_EXERCISE DATA_

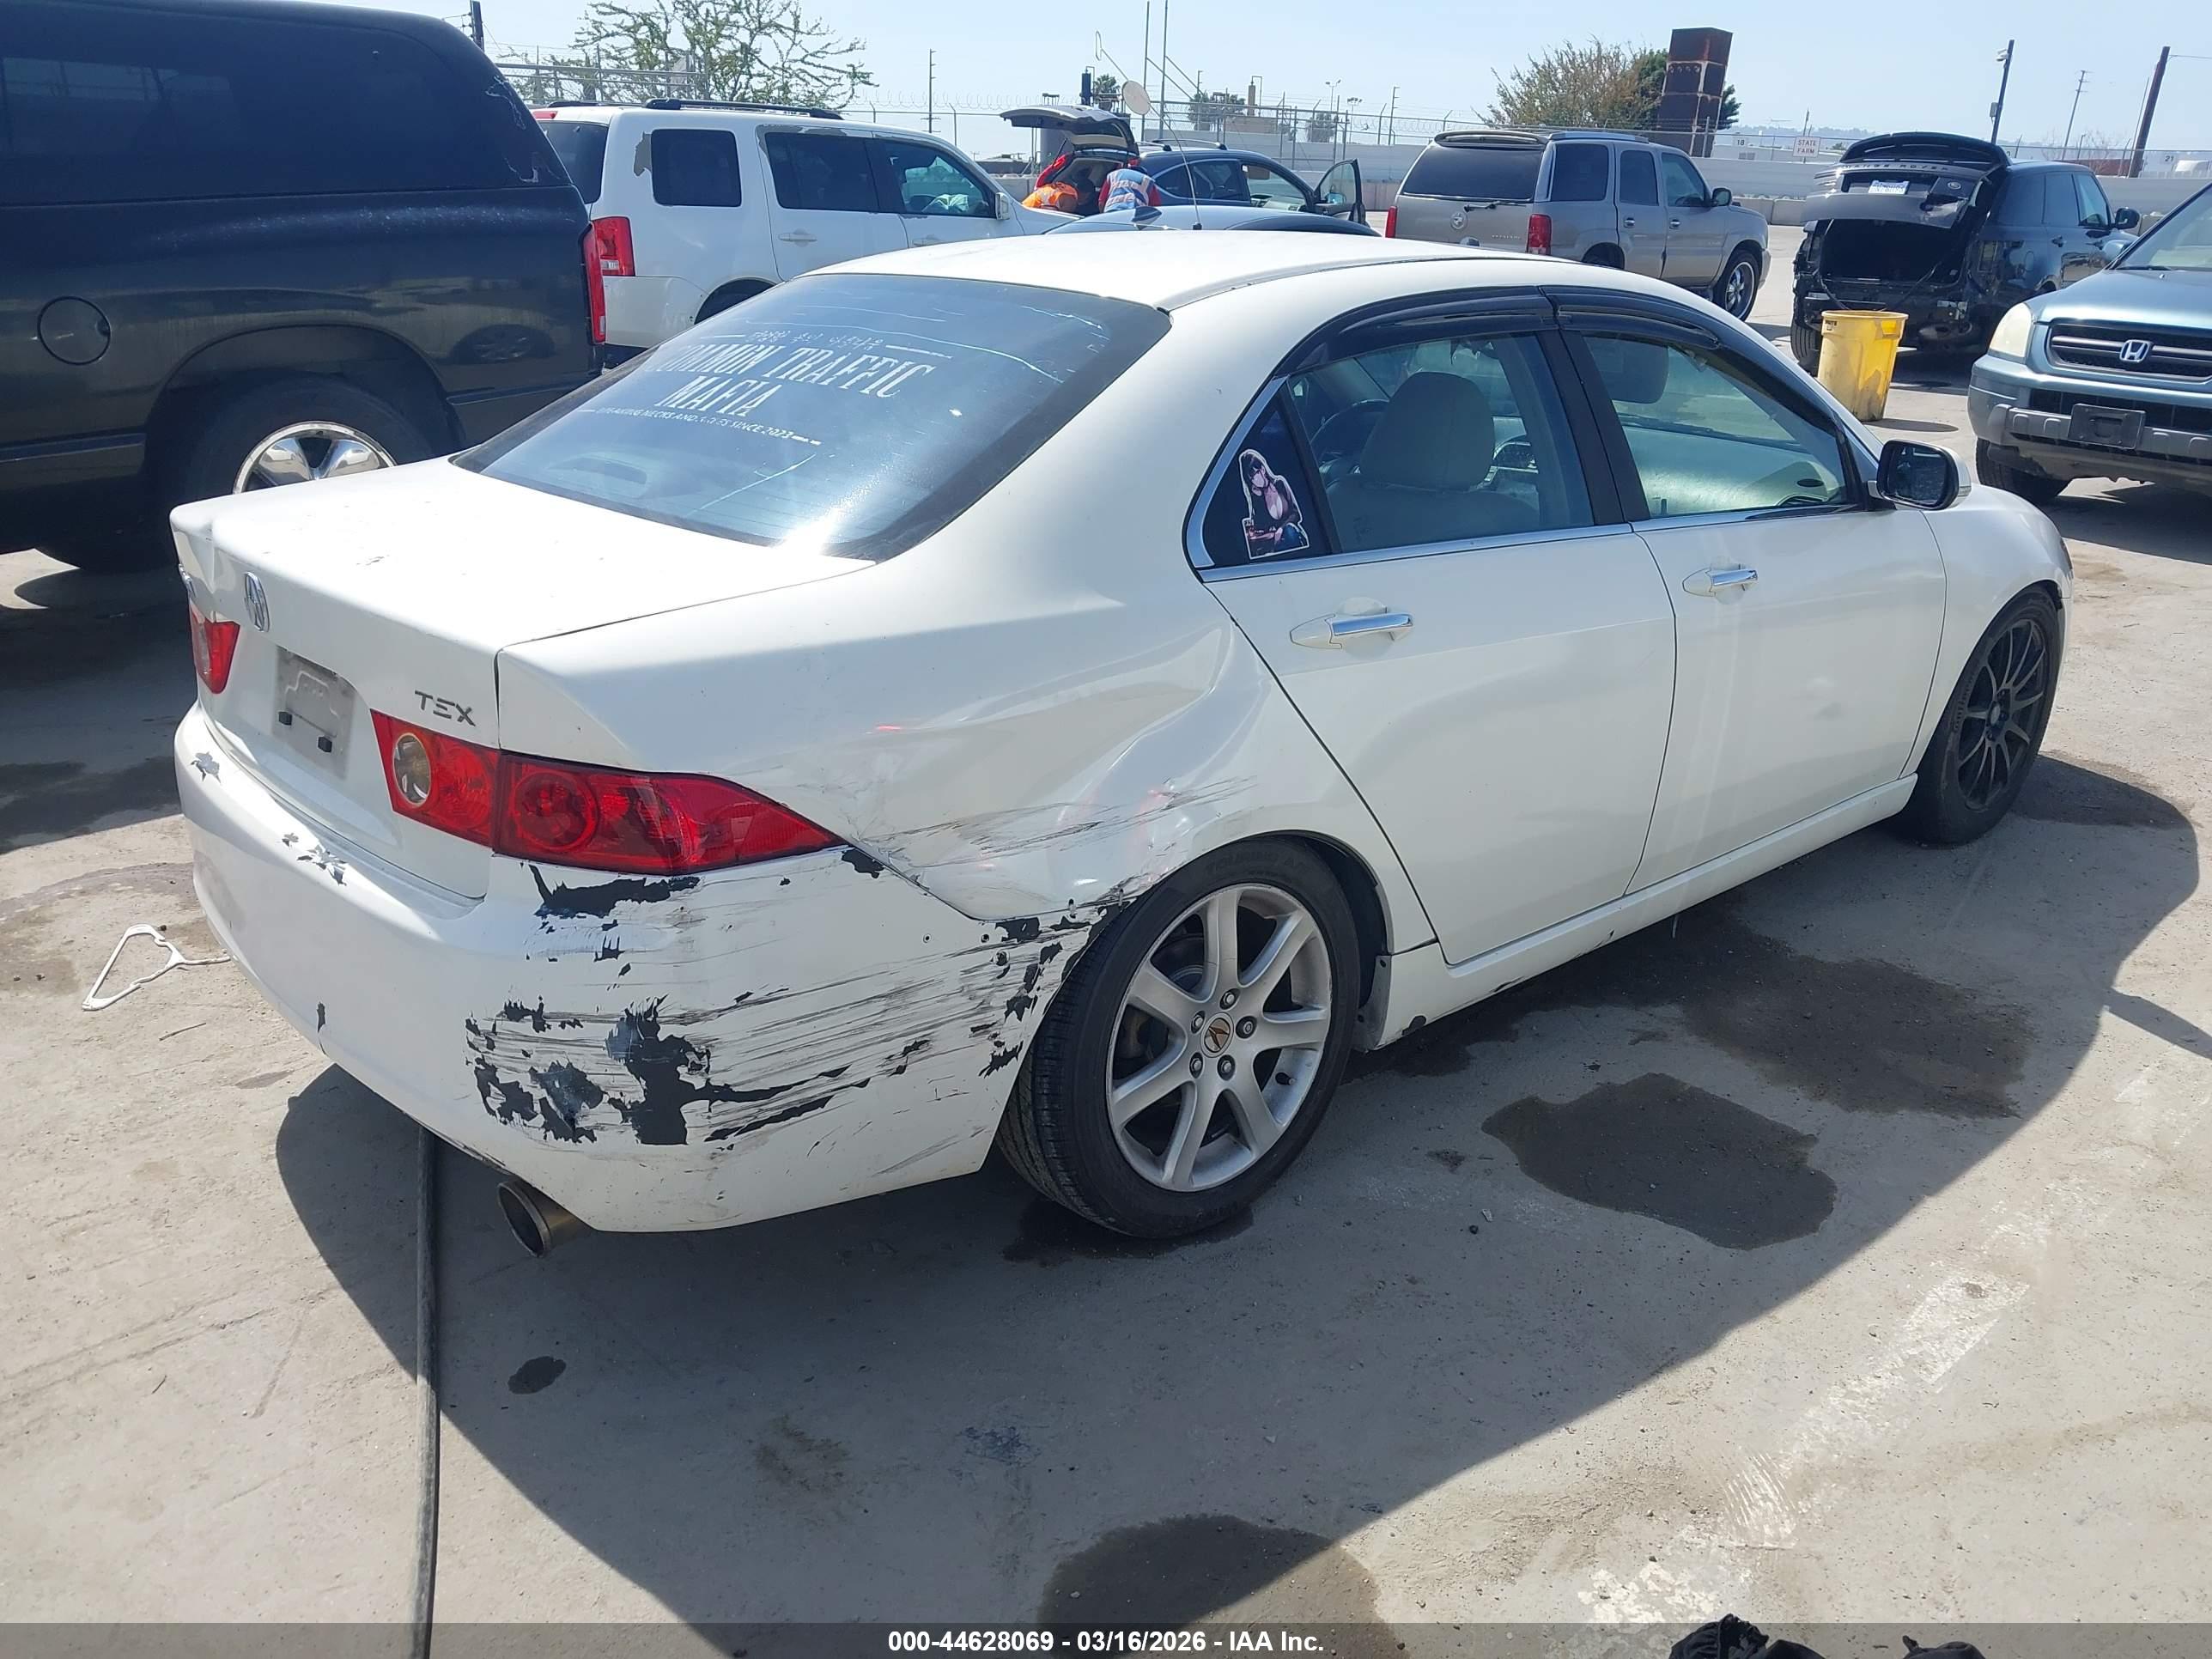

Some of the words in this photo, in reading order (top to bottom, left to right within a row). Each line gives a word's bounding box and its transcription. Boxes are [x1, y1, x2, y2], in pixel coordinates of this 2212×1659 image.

[762, 347, 937, 398] TRAFFIC
[653, 375, 782, 416] MAFIA
[730, 420, 764, 434] SINCE
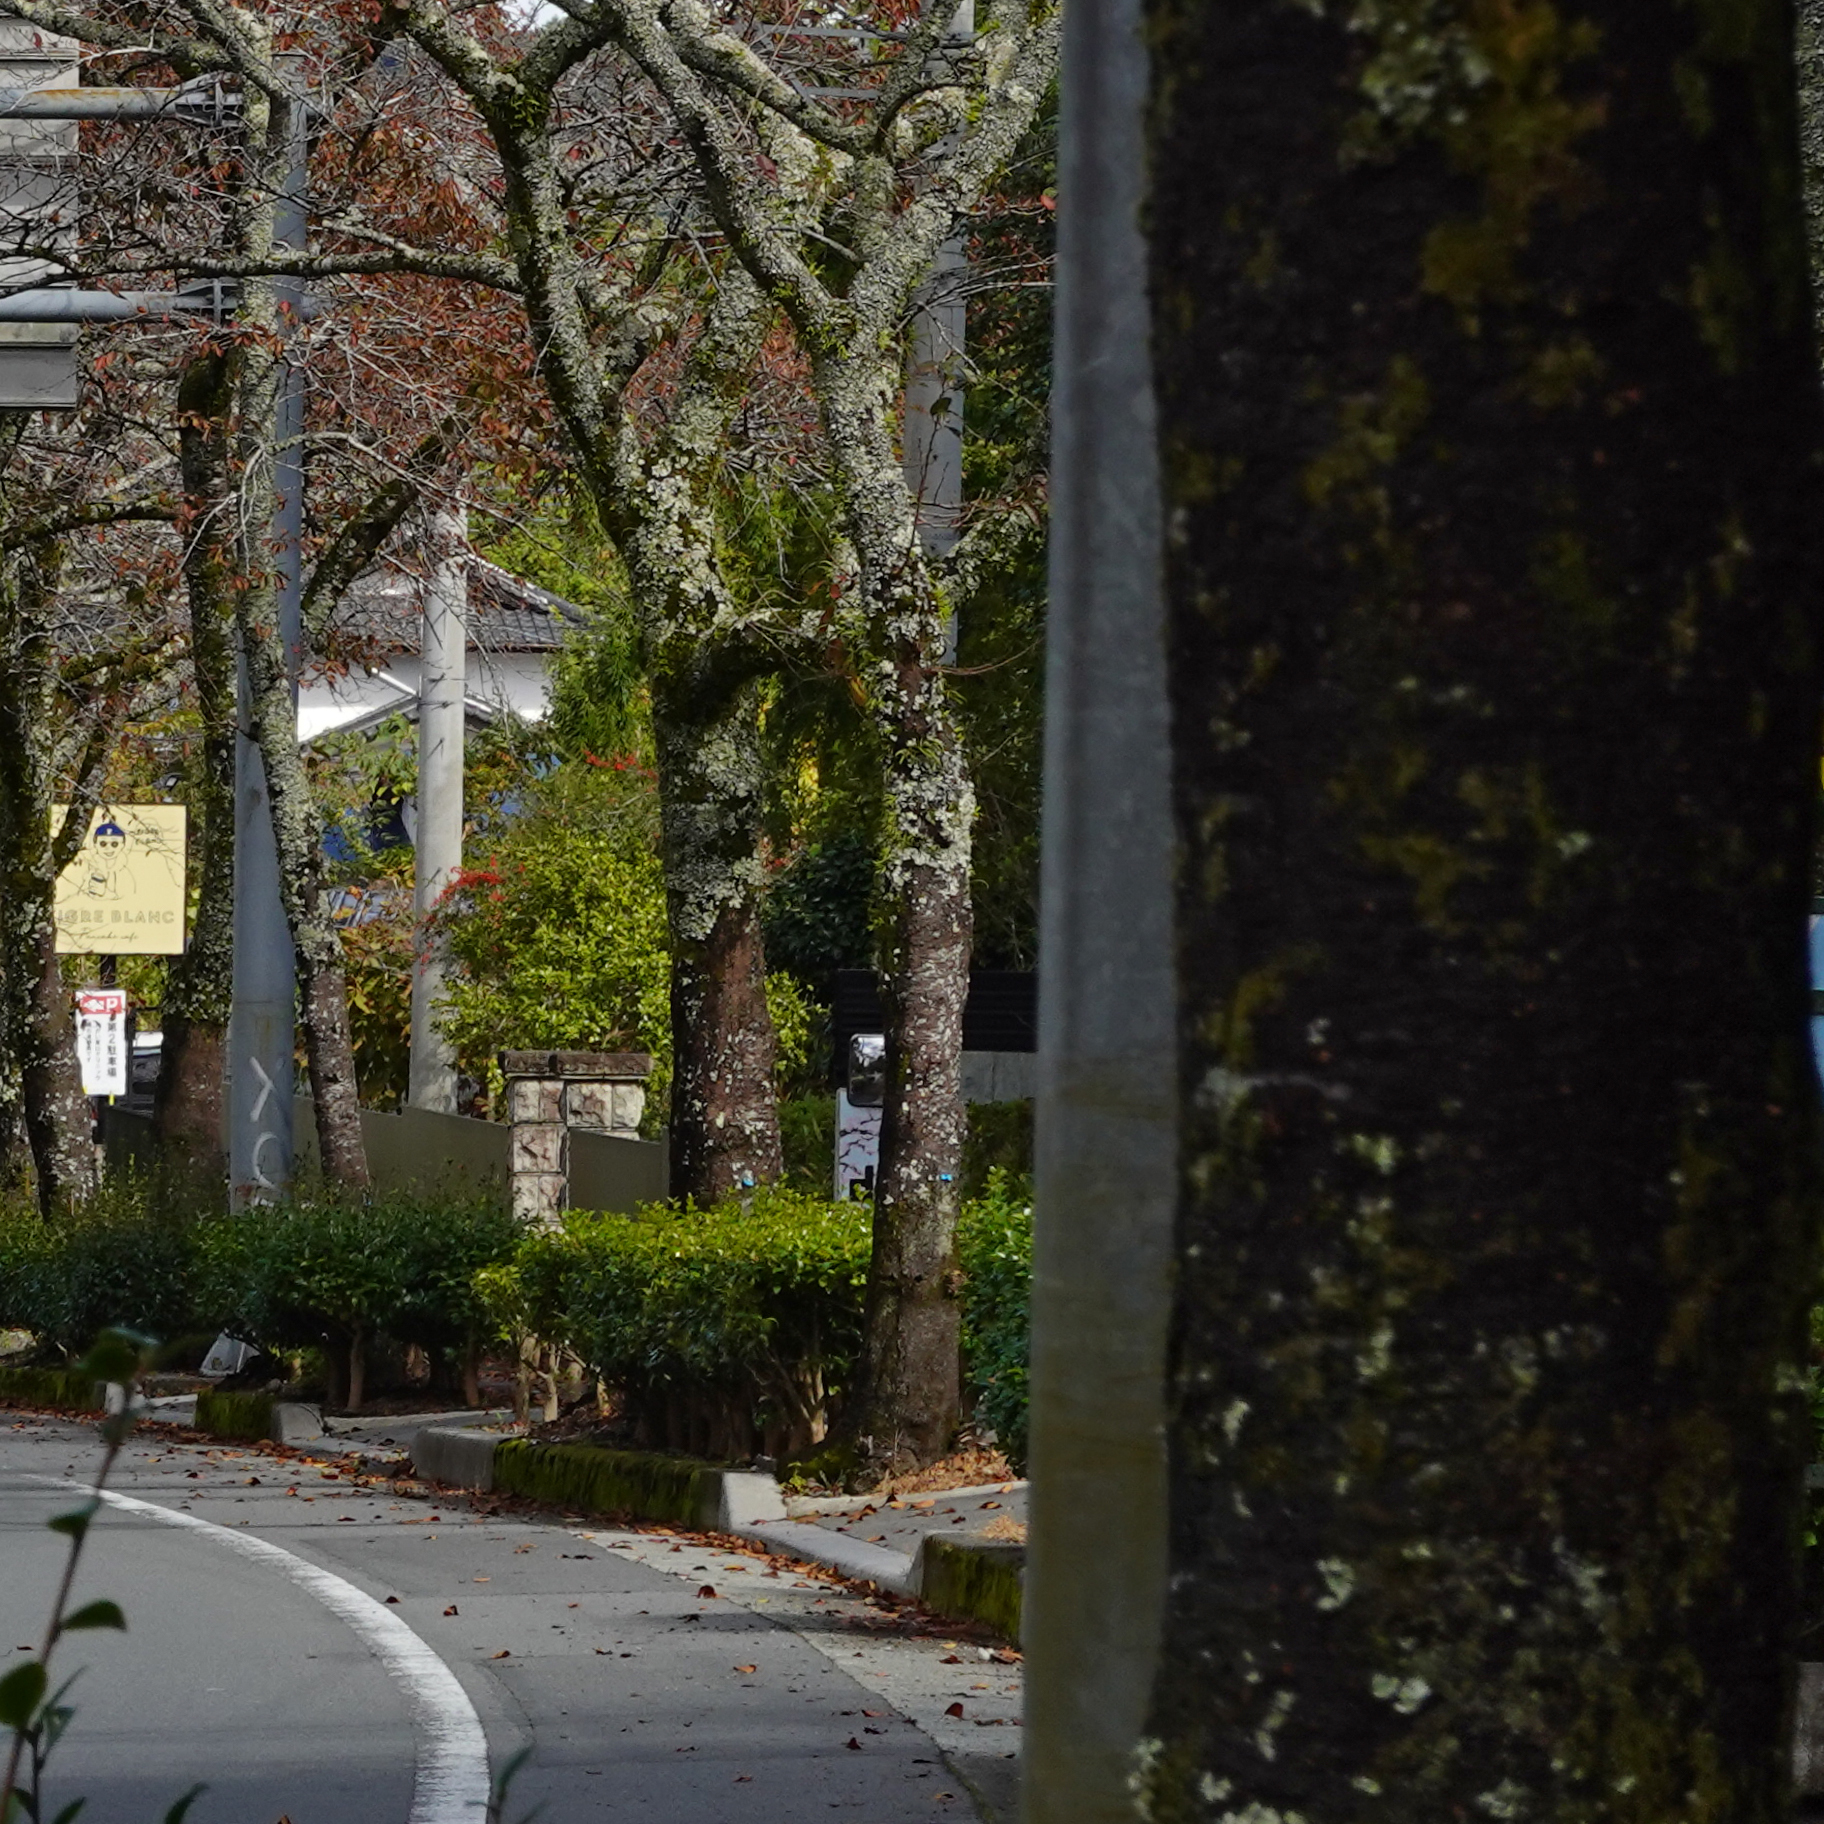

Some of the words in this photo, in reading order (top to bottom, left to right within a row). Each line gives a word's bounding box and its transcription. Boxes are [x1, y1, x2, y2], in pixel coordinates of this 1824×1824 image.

[55, 909, 104, 923] IGRE
[110, 910, 175, 924] BLANC
[106, 998, 118, 1012] P
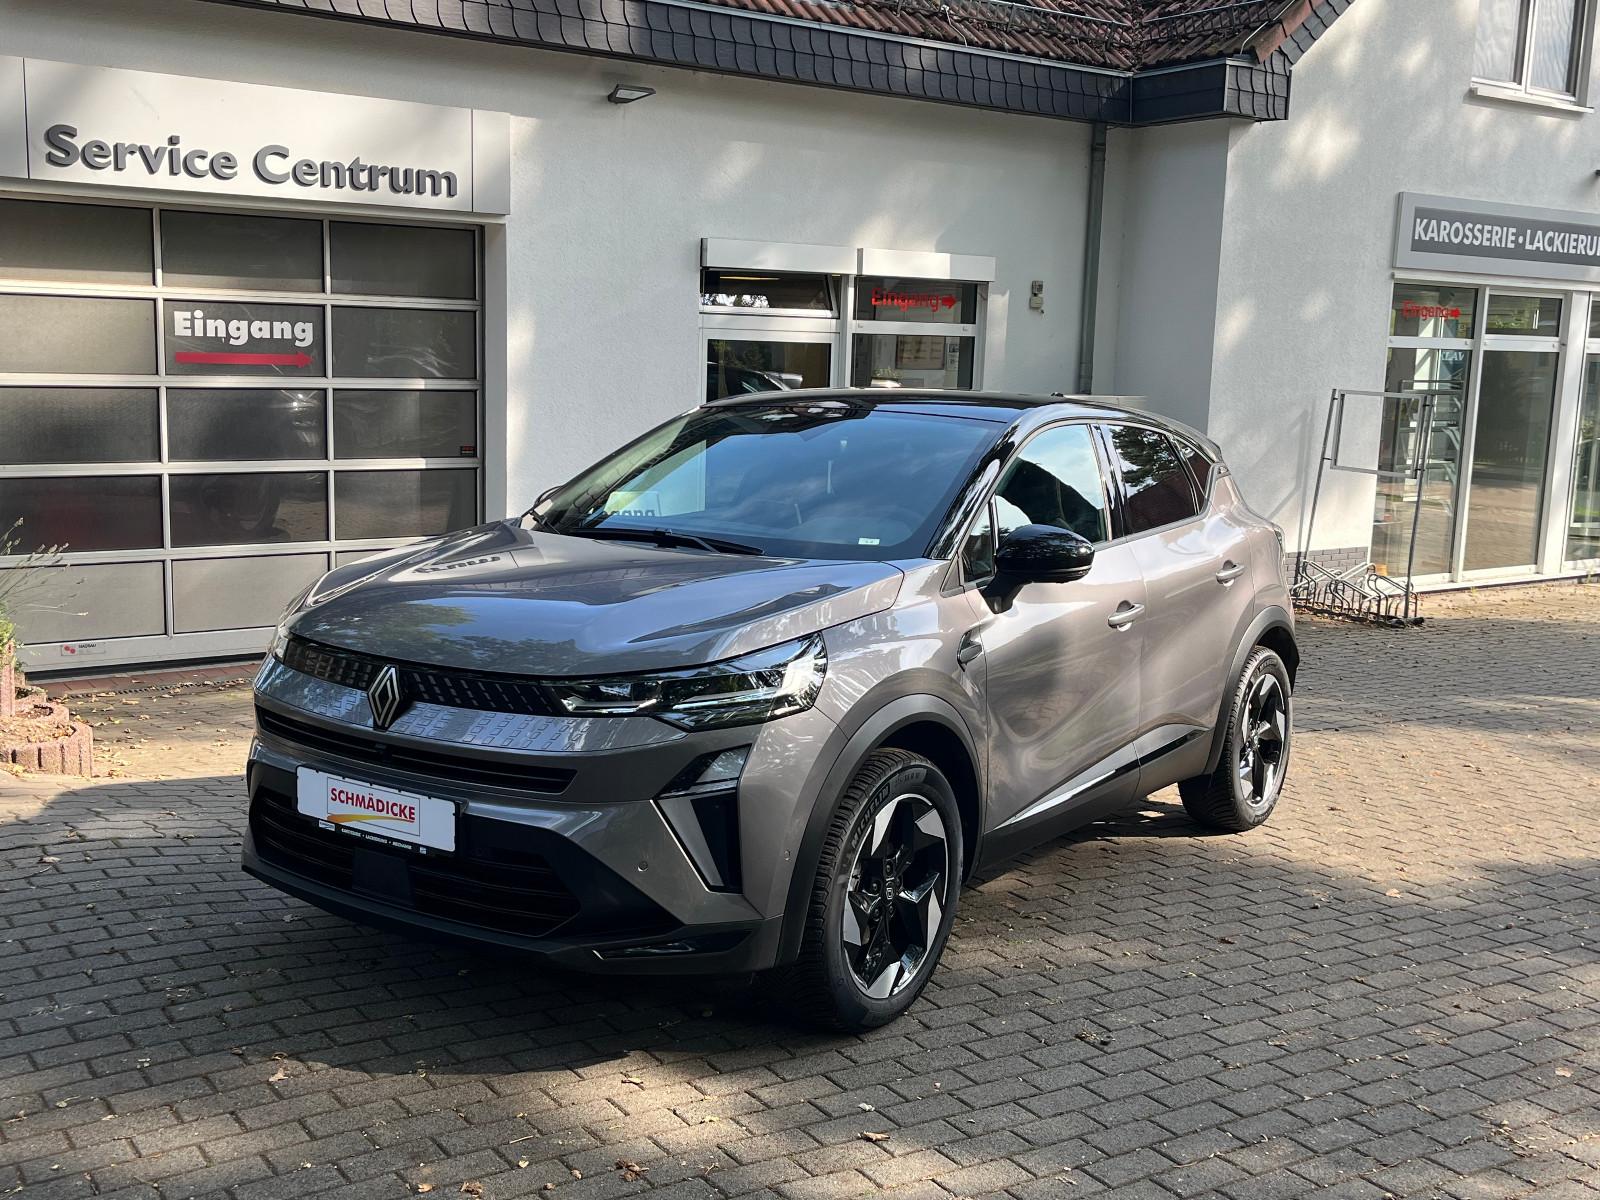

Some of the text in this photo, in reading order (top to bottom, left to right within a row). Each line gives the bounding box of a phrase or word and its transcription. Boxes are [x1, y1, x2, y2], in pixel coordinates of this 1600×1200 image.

[44, 124, 458, 198] Service Centrum
[1414, 218, 1600, 257] KAROSSERIE LACKIERU
[871, 287, 939, 312] Eingang
[174, 310, 314, 347] Eingang
[330, 787, 416, 821] SCHMÄDICKE
[851, 785, 890, 849] MICHELIN

_EXERCISE INSTRUCTIONS_
What is needed is a word-for-word copy of the data above, free of any images.

_RESULT BELOW_
Some of the words in this photo, in reading order (top to bottom, left to right within a row). Each line gives a word's bounding box and its transcription. Boxes are [x1, y1, x2, y2], in pixel coordinates of this 2212×1659 image.

[762, 347, 937, 398] TRAFFIC
[653, 375, 782, 416] MAFIA
[730, 420, 764, 434] SINCE

Some of the words in this photo, in reading order (top to bottom, left to right within a row). Each line gives a word's bounding box and its transcription. Boxes are [x1, y1, x2, y2], in pixel coordinates of this 1824×1824 image.

[55, 909, 104, 923] IGRE
[110, 910, 175, 924] BLANC
[106, 998, 118, 1012] P

Some of the text in this photo, in reading order (top to bottom, left to right within a row). Each line gives the bounding box of a phrase or word and its transcription. Boxes are [x1, y1, x2, y2], in pixel coordinates of this 1600×1200 image.

[44, 124, 458, 198] Service Centrum
[1414, 218, 1600, 257] KAROSSERIE LACKIERU
[871, 287, 939, 312] Eingang
[174, 310, 314, 347] Eingang
[330, 787, 416, 821] SCHMÄDICKE
[851, 785, 890, 849] MICHELIN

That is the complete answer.